## WHAT IS EXPECTED
Leave out the pictures and restate the rest of the data exactly.

## DATA SUPPLIED
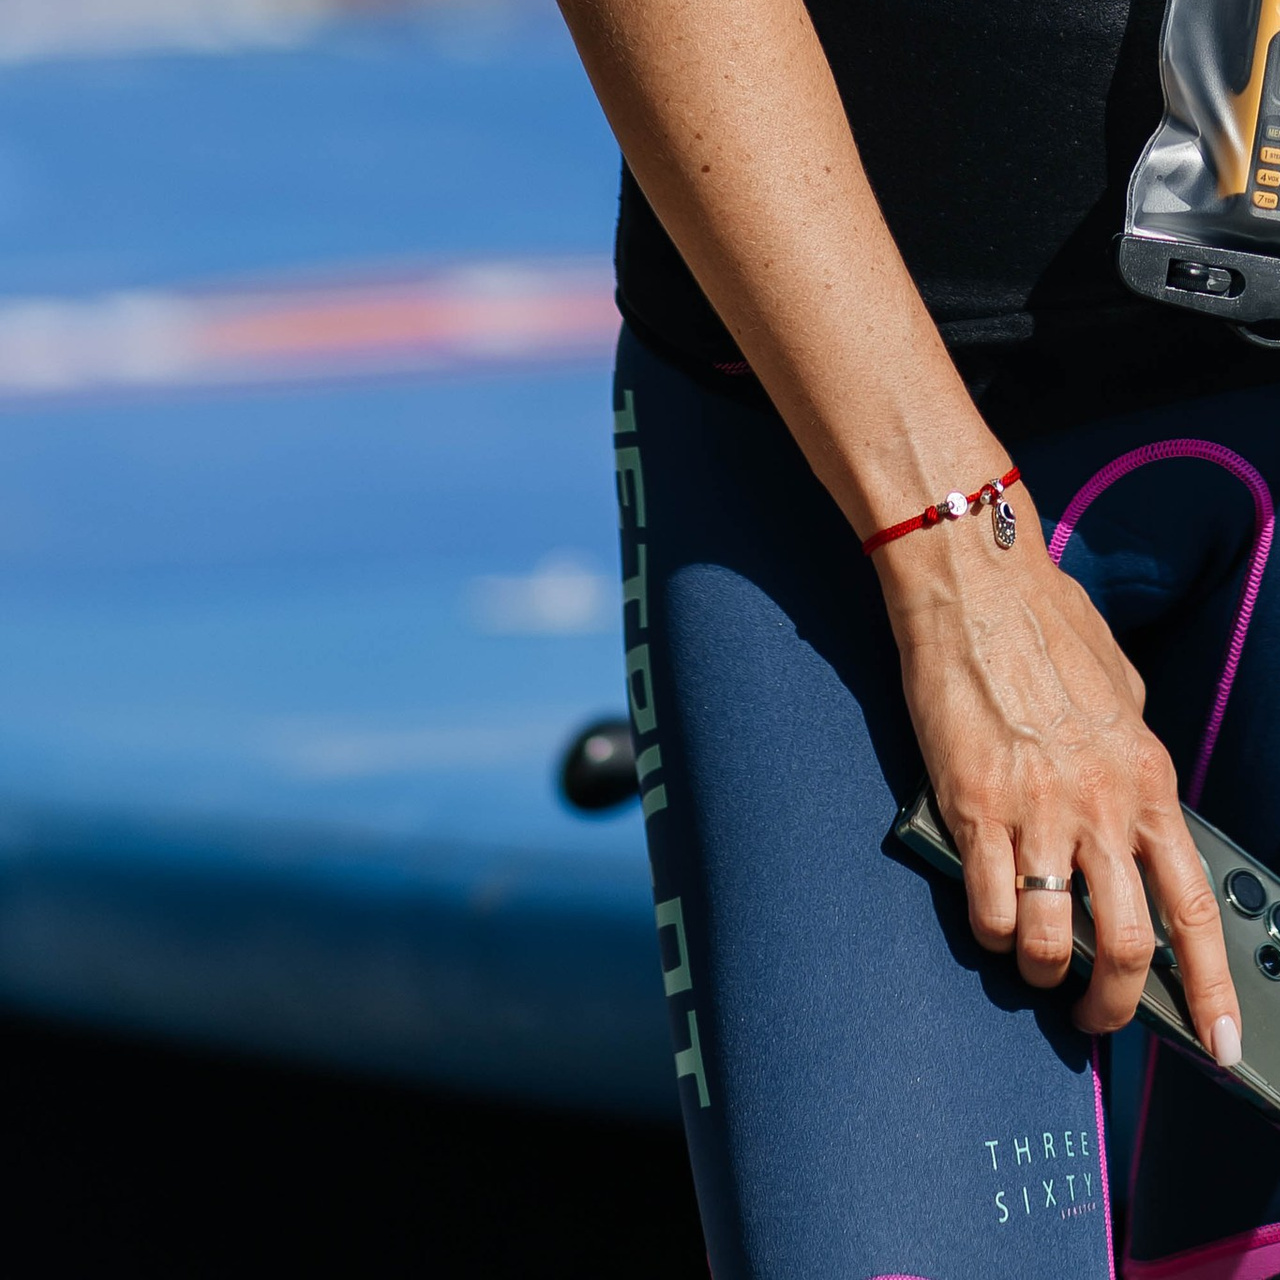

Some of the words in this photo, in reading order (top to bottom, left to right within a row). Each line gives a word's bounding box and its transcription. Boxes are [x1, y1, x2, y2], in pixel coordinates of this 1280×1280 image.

[1260, 173, 1266, 182] 4
[1258, 195, 1265, 204] 7
[985, 1131, 1090, 1171] THREE
[995, 1173, 1092, 1223] SIXTY

## RESULT OF THIS TASK
Some of the words in this photo, in reading order (top to bottom, left to right within a row). Each line gives a word's bounding box and its transcription. Boxes are [x1, y1, x2, y2], in pixel coordinates of this 1280×1280 image.

[1260, 173, 1266, 182] 4
[1258, 195, 1265, 204] 7
[985, 1131, 1090, 1171] THREE
[995, 1173, 1092, 1223] SIXTY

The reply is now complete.